About this task: Where the data below contains pictures, omit them; output the rest word for word.

★ ★ ★ ★

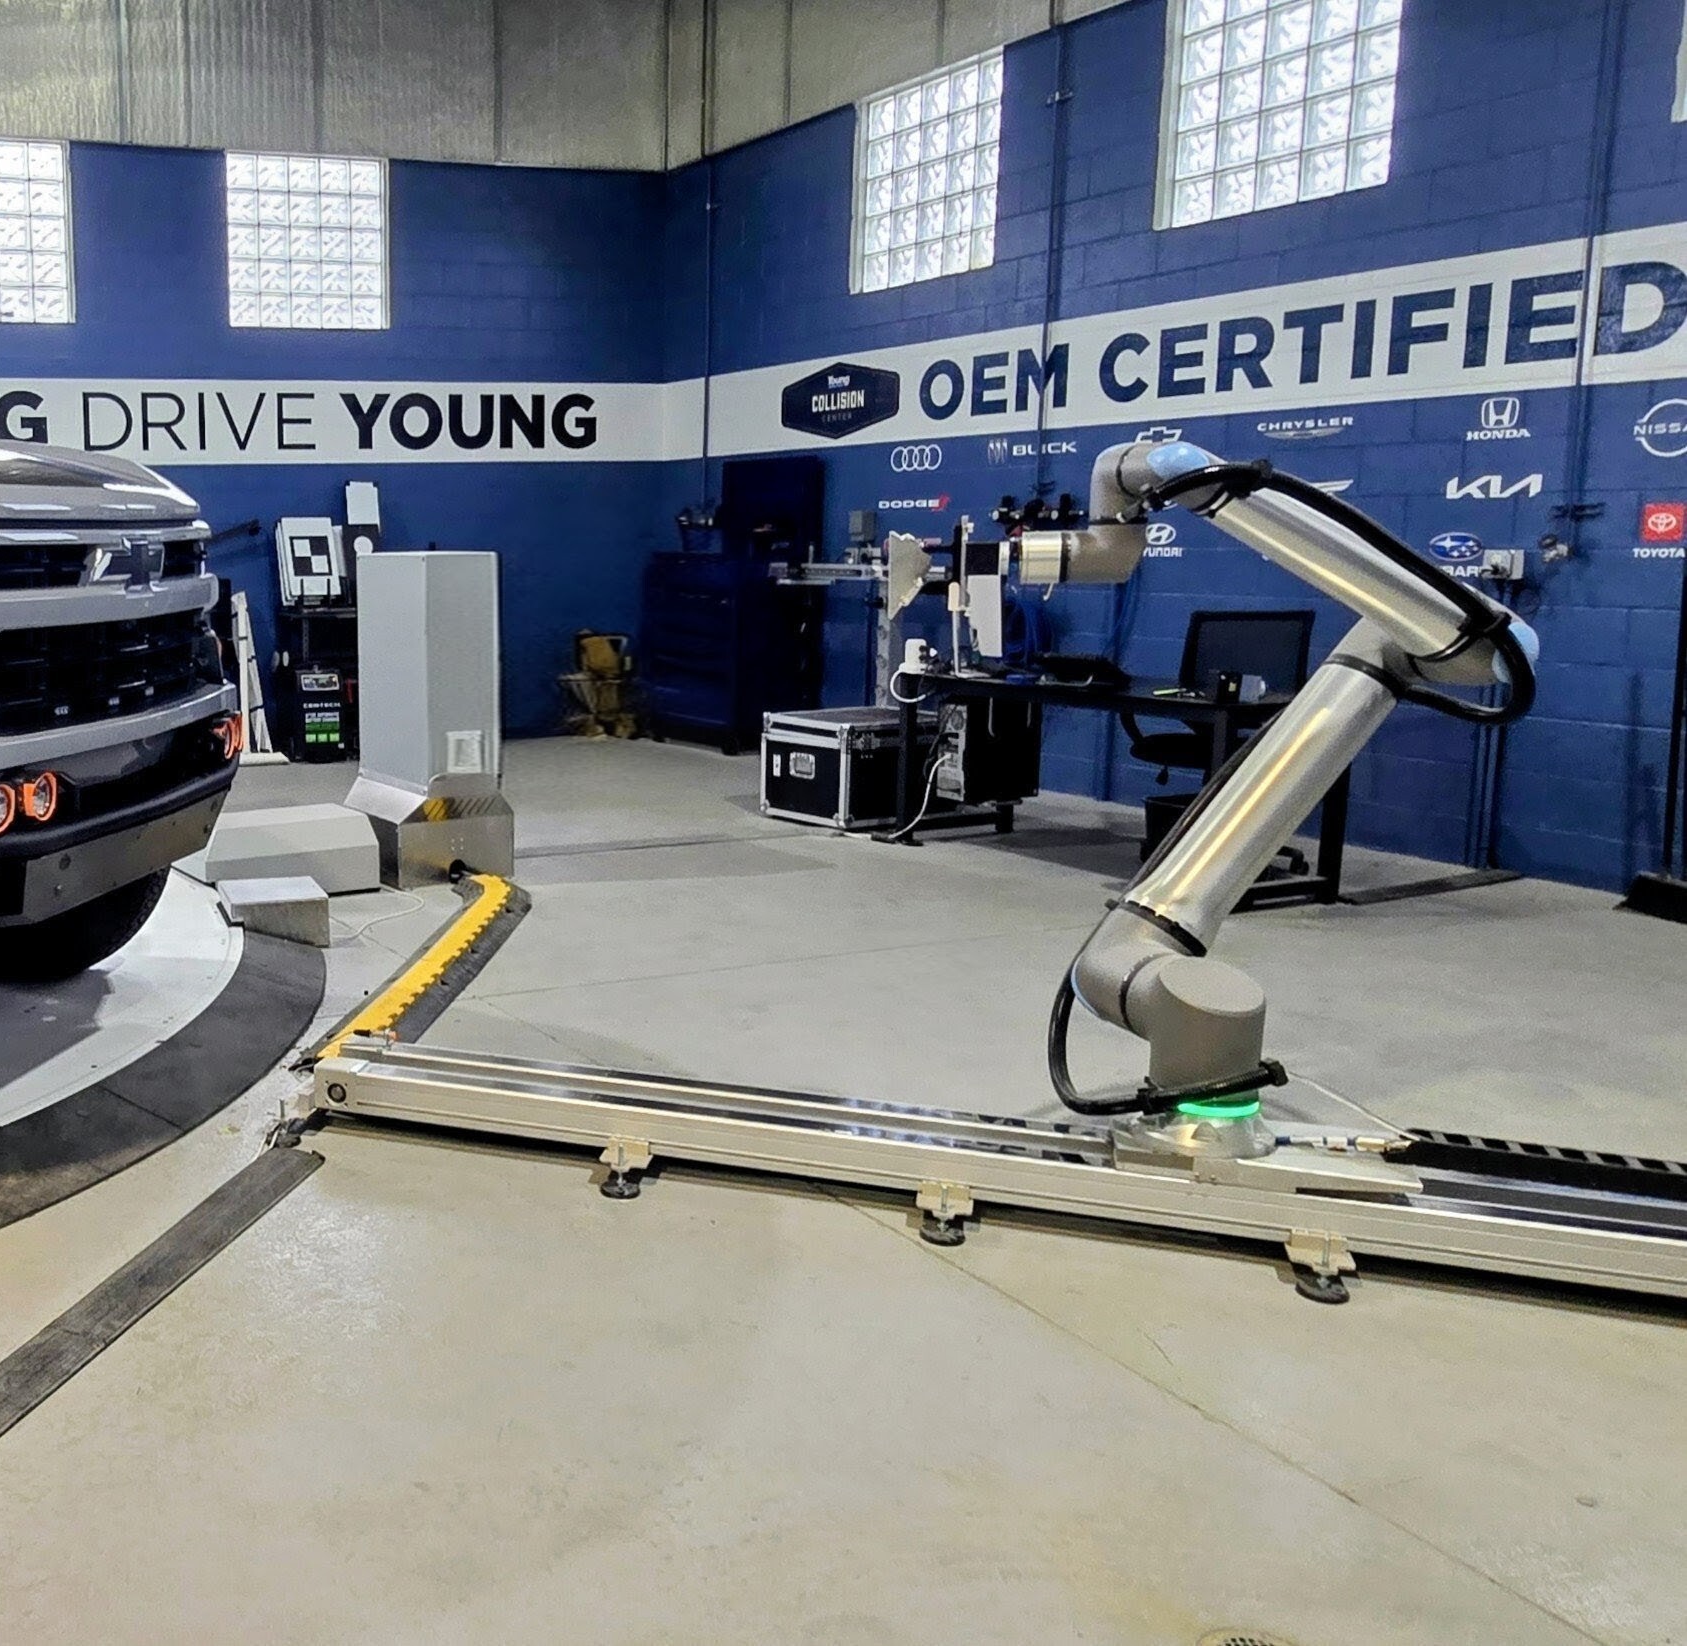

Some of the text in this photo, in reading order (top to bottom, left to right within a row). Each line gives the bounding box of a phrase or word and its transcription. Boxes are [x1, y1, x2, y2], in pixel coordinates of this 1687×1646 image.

[920, 260, 1687, 421] OEM CERTIFIED
[812, 390, 865, 413] COLLISION
[82, 392, 316, 452] DRIVE
[338, 392, 598, 450] YOUNG
[1256, 416, 1354, 431] CHRYSLER
[1466, 428, 1531, 441] HONDA
[878, 499, 940, 509] DODGE
[1633, 547, 1687, 559] TOYOTA

★ ★ ★ ★

Result:
Some of the text in this photo, in reading order (top to bottom, left to right within a row). Each line gives the bounding box of a phrase or word and its transcription. Boxes are [x1, y1, x2, y2], in pixel coordinates of this 1687×1646 image.

[920, 260, 1687, 421] OEM CERTIFIED
[812, 390, 865, 413] COLLISION
[82, 392, 316, 452] DRIVE
[338, 392, 598, 450] YOUNG
[1256, 416, 1354, 431] CHRYSLER
[1466, 428, 1531, 441] HONDA
[878, 499, 940, 509] DODGE
[1633, 547, 1687, 559] TOYOTA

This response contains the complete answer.